RECORDS FOR THE TASK START

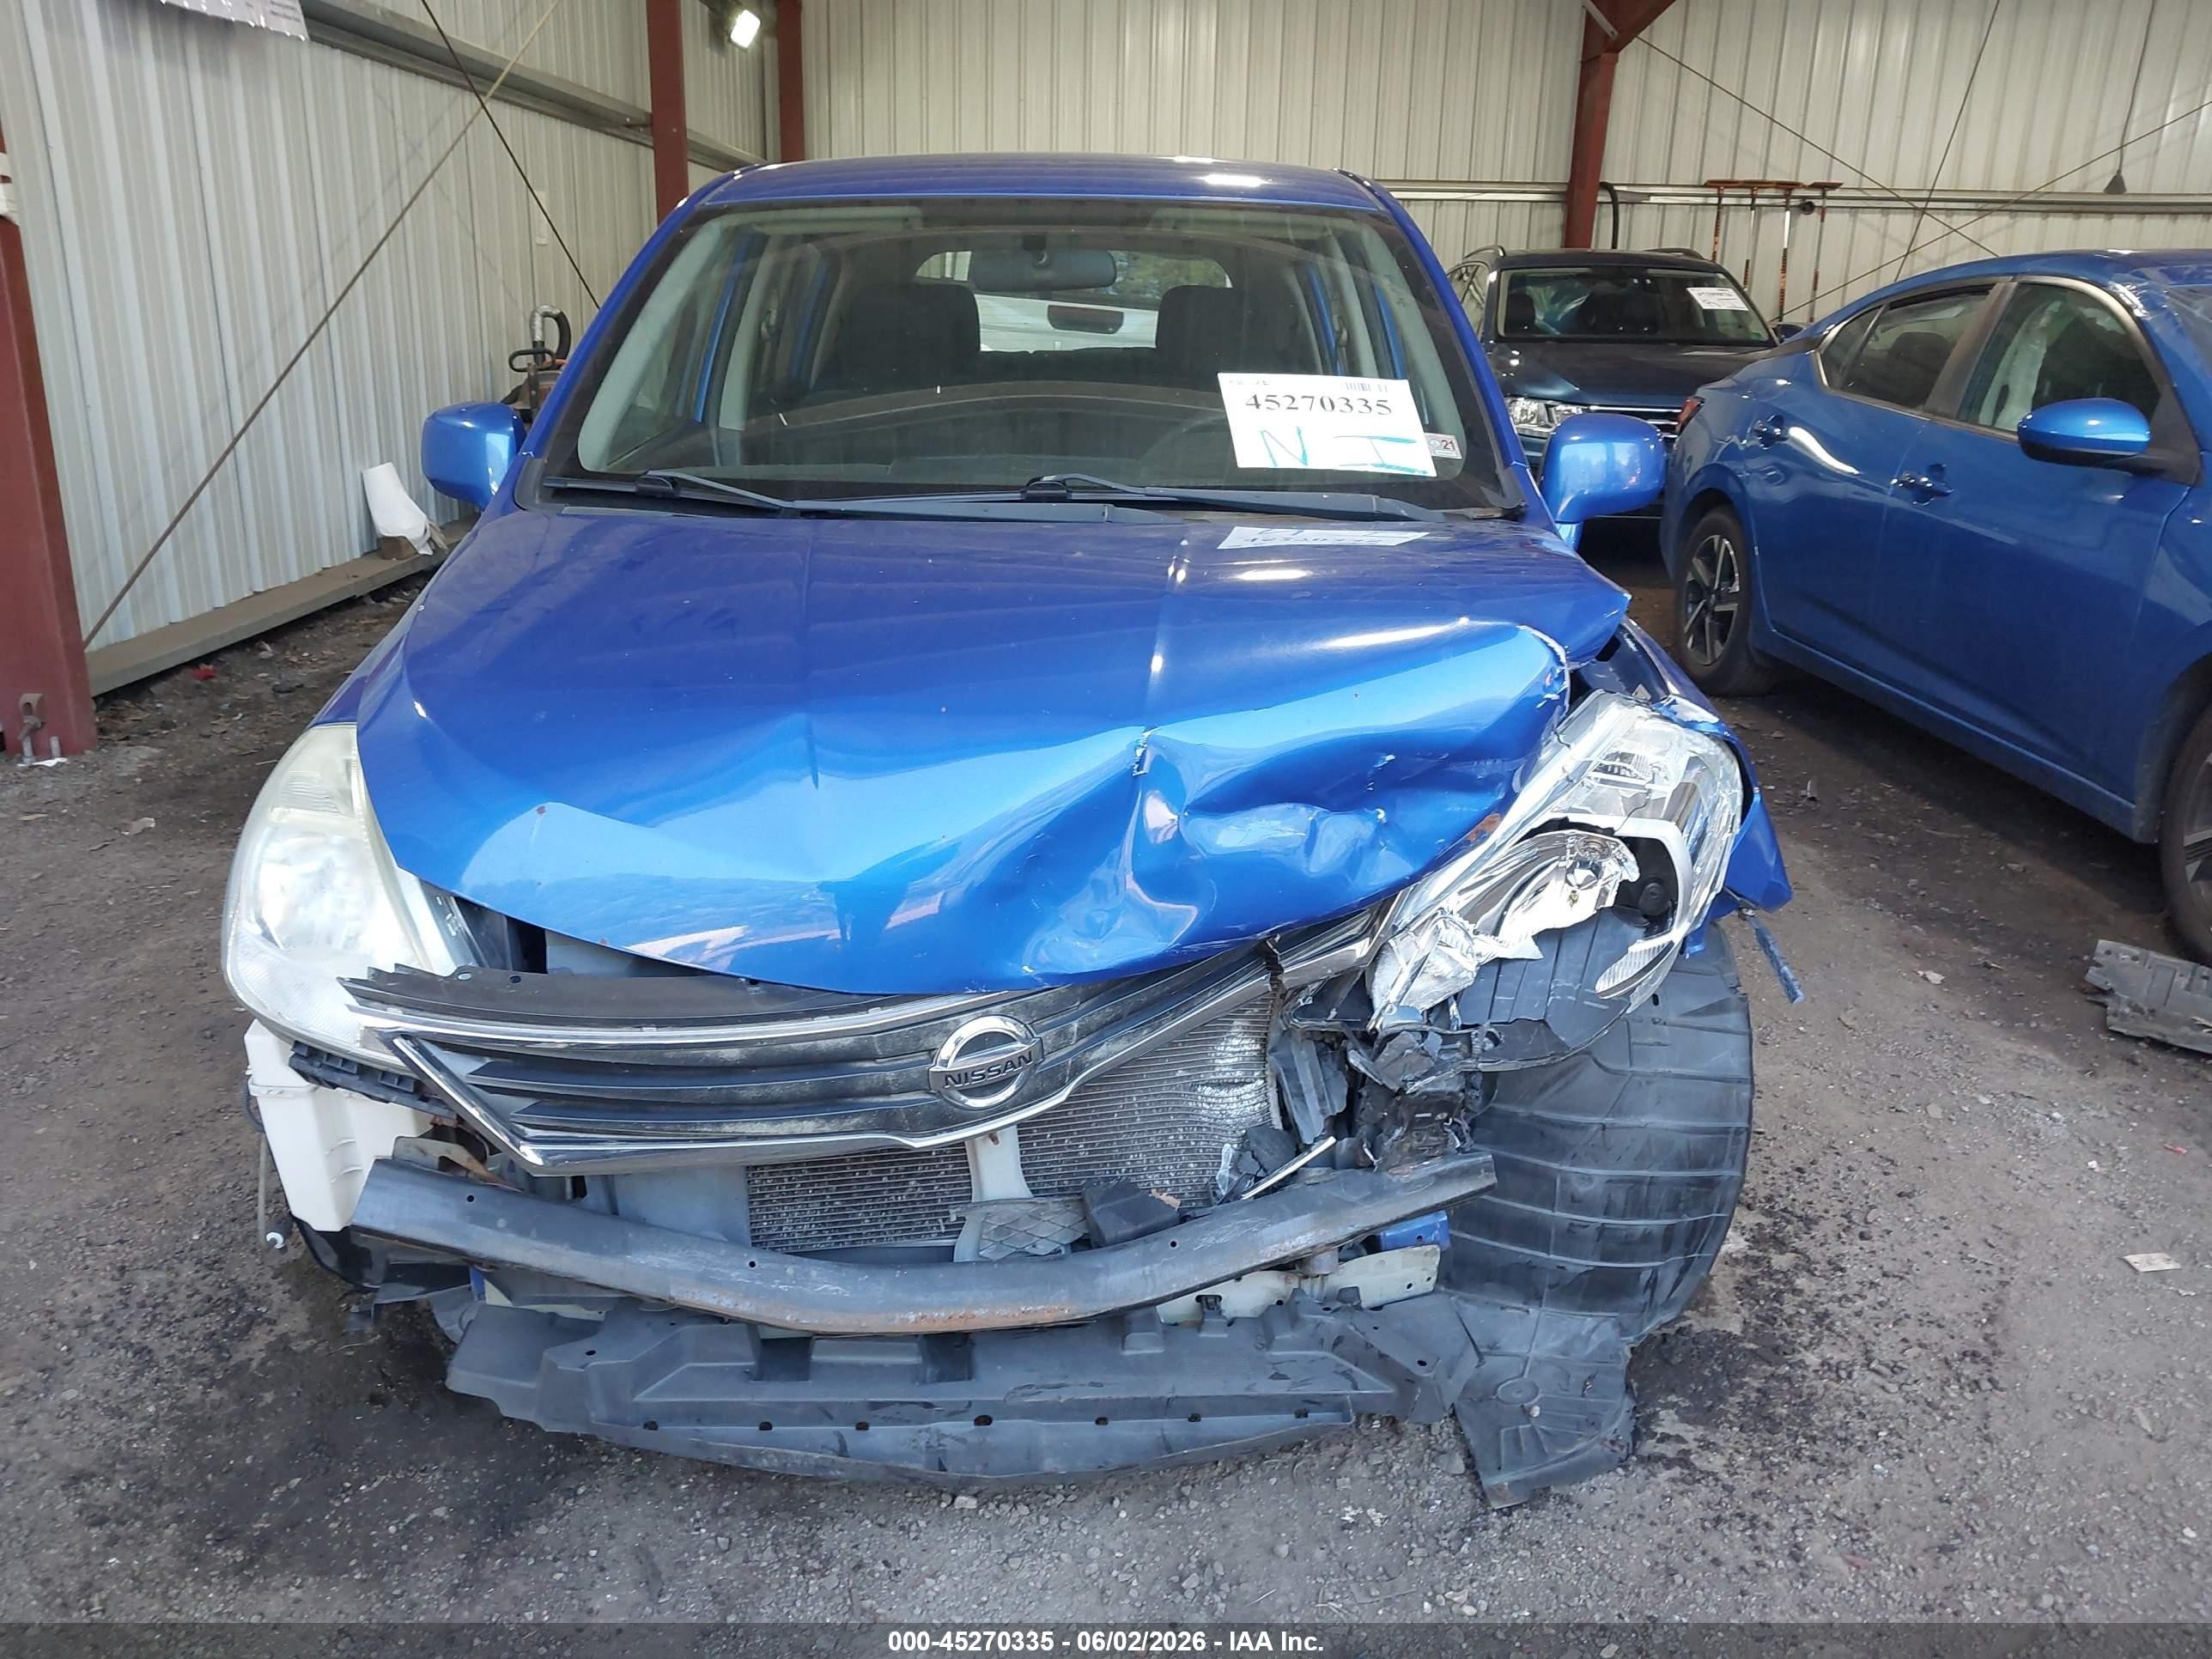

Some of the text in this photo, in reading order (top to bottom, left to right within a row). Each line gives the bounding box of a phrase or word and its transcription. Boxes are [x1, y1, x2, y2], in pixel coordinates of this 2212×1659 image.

[1245, 393, 1393, 416] 45270335
[1441, 439, 1456, 451] 21
[944, 1050, 1033, 1088] NISSAN
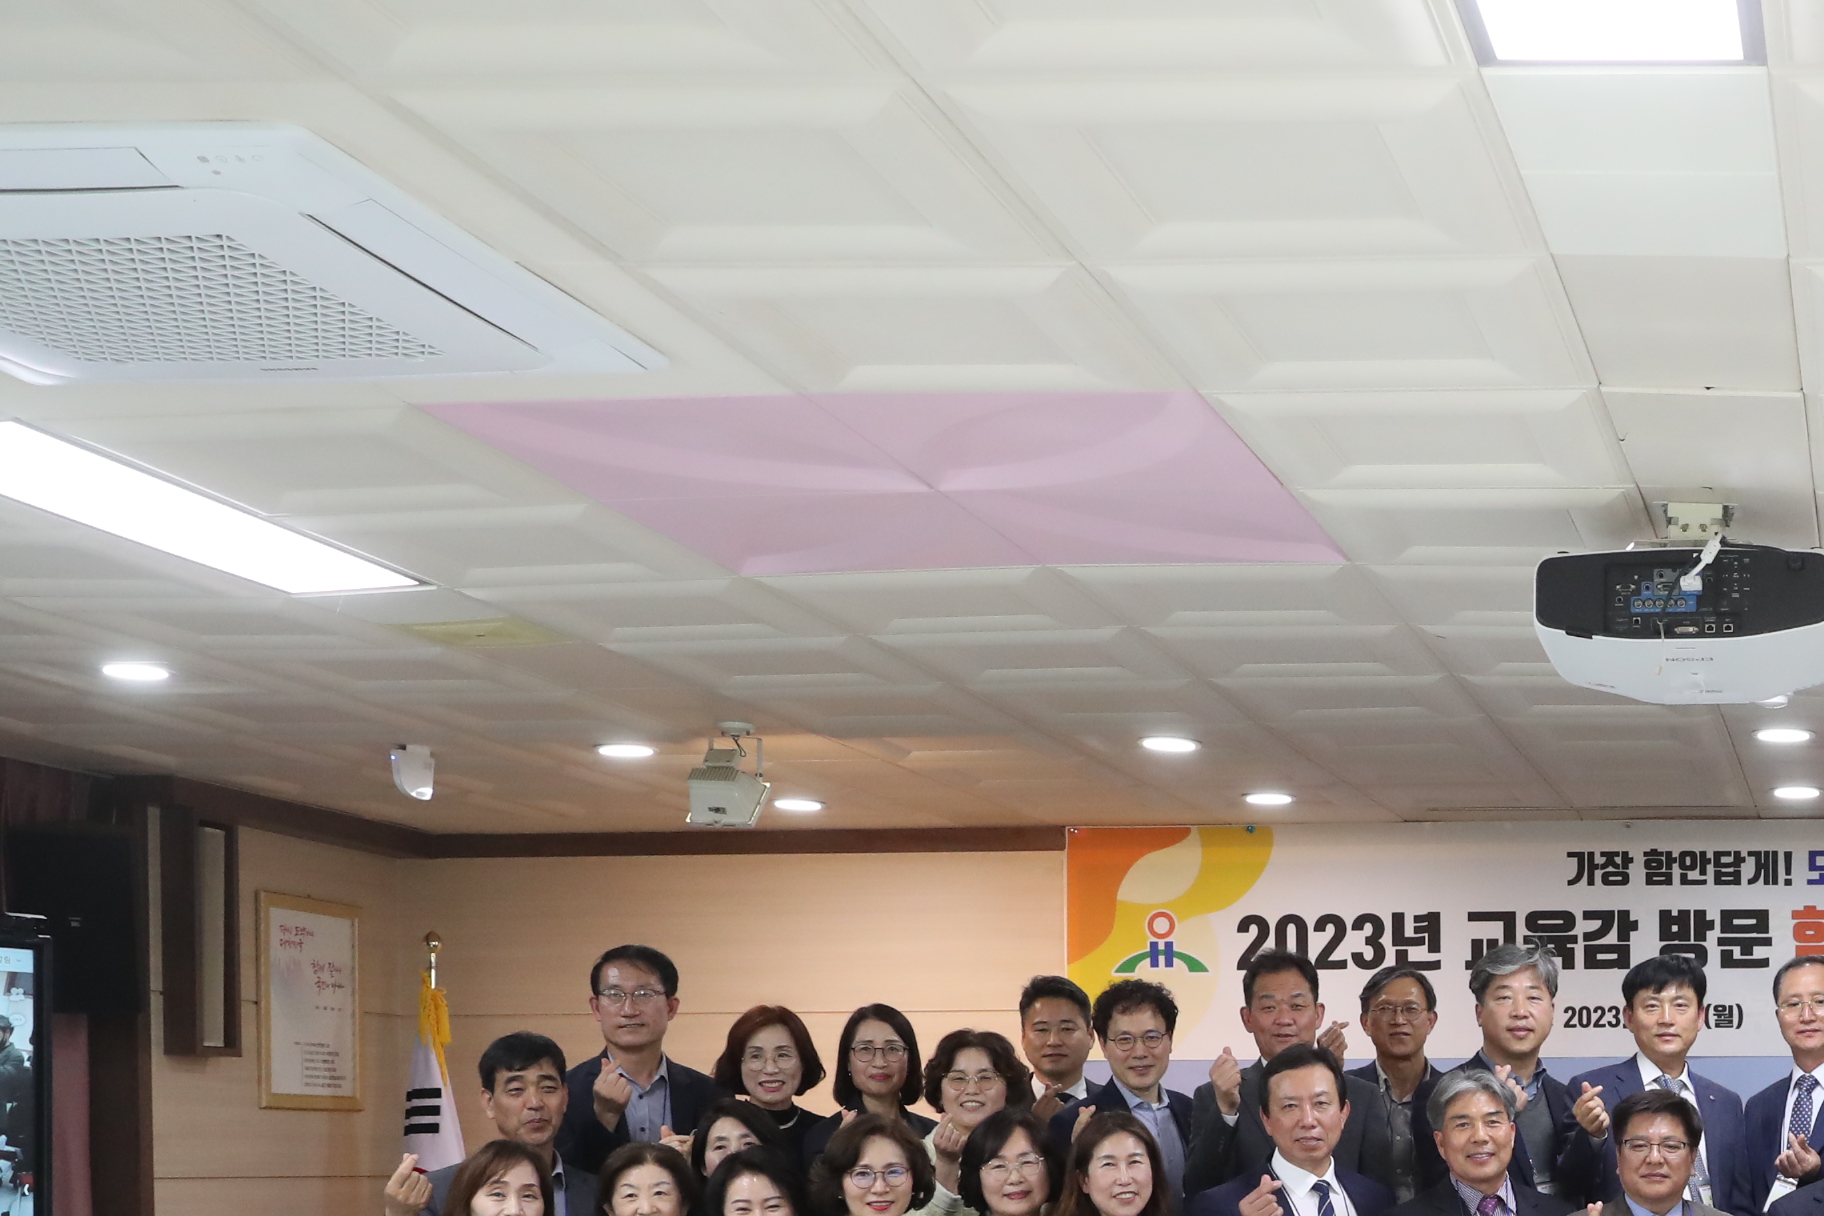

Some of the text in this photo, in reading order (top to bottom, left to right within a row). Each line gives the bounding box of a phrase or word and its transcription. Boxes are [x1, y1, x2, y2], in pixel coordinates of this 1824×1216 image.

RECORDS FOR THE TASK END

• [WHAT IS REQUIRED]: Here the job is to repeat the entries verbatim while leaving all pictures out.

• [WRITTEN SOLUTION]:
Some of the text in this photo, in reading order (top to bottom, left to right within a row). Each line gives the bounding box of a phrase or word and its transcription. Boxes are [x1, y1, x2, y2], in pixel coordinates of this 2212×1659 image.

[1245, 393, 1393, 416] 45270335
[1441, 439, 1456, 451] 21
[944, 1050, 1033, 1088] NISSAN

Some of the text in this photo, in reading order (top to bottom, left to right within a row). Each line gives the bounding box of a phrase or word and its transcription. Boxes are [x1, y1, x2, y2], in pixel coordinates of this 1824×1216 image.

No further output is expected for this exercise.